Records from a data collection:
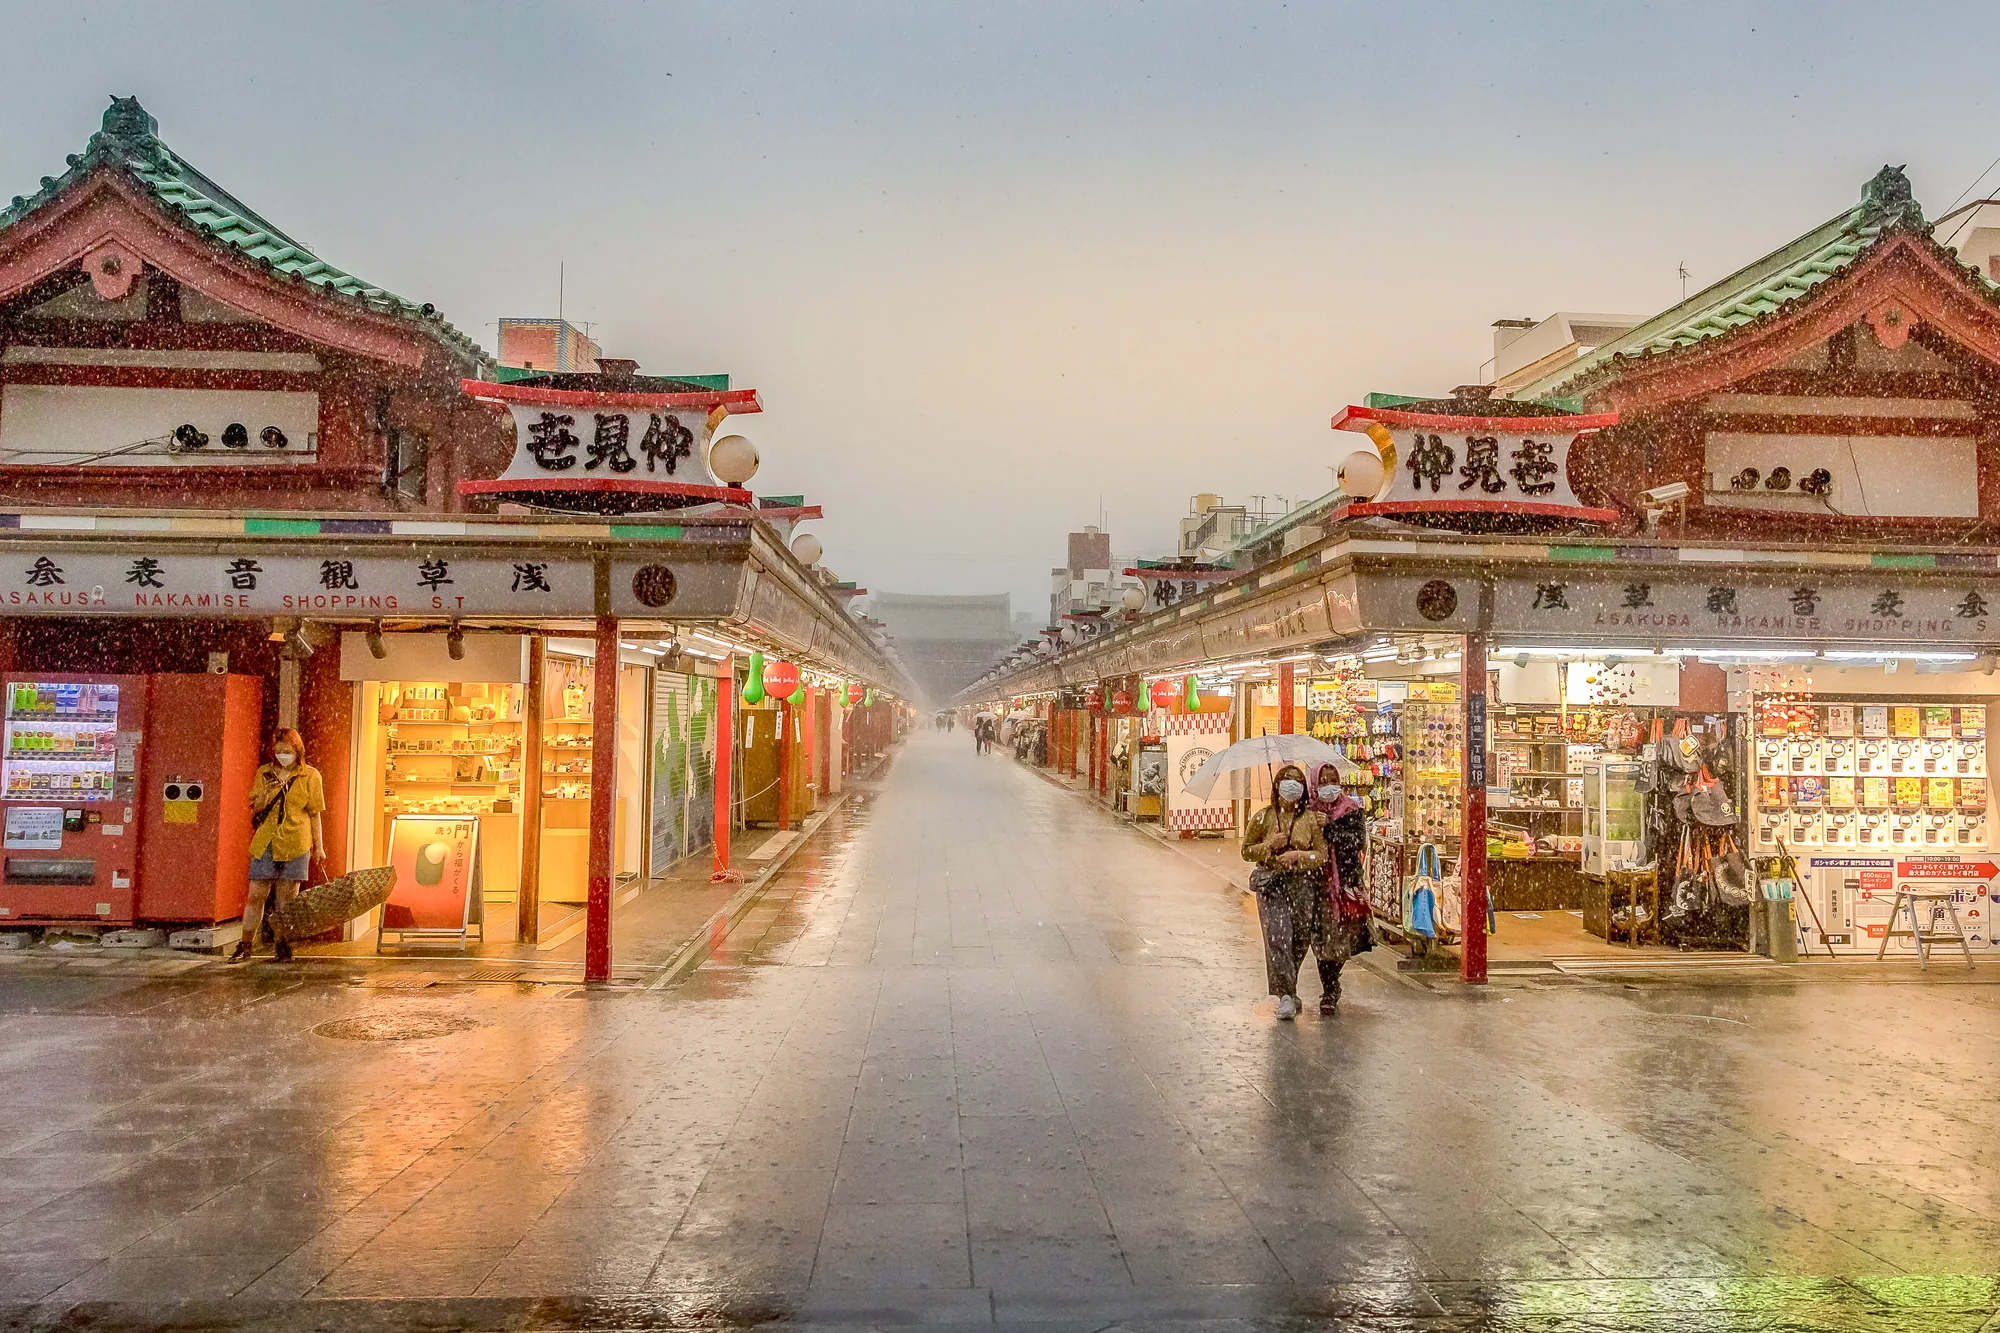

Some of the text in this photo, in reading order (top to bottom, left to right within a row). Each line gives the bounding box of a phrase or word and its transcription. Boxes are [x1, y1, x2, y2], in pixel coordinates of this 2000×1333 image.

[136, 593, 250, 608] NAKAMISE
[283, 594, 398, 610] SHOPPING
[1594, 613, 1691, 627] ASAKUSA
[1717, 615, 1822, 631] NAKAMISE
[1844, 619, 1953, 633] SHOPPING

WHAT TO PRODUCE ->
Transcribe each line above exactly, pictures excluded.

EXPECTED ANSWER ->
Some of the text in this photo, in reading order (top to bottom, left to right within a row). Each line gives the bounding box of a phrase or word and its transcription. Boxes are [x1, y1, x2, y2], in pixel coordinates of this 2000×1333 image.

[136, 593, 250, 608] NAKAMISE
[283, 594, 398, 610] SHOPPING
[1594, 613, 1691, 627] ASAKUSA
[1717, 615, 1822, 631] NAKAMISE
[1844, 619, 1953, 633] SHOPPING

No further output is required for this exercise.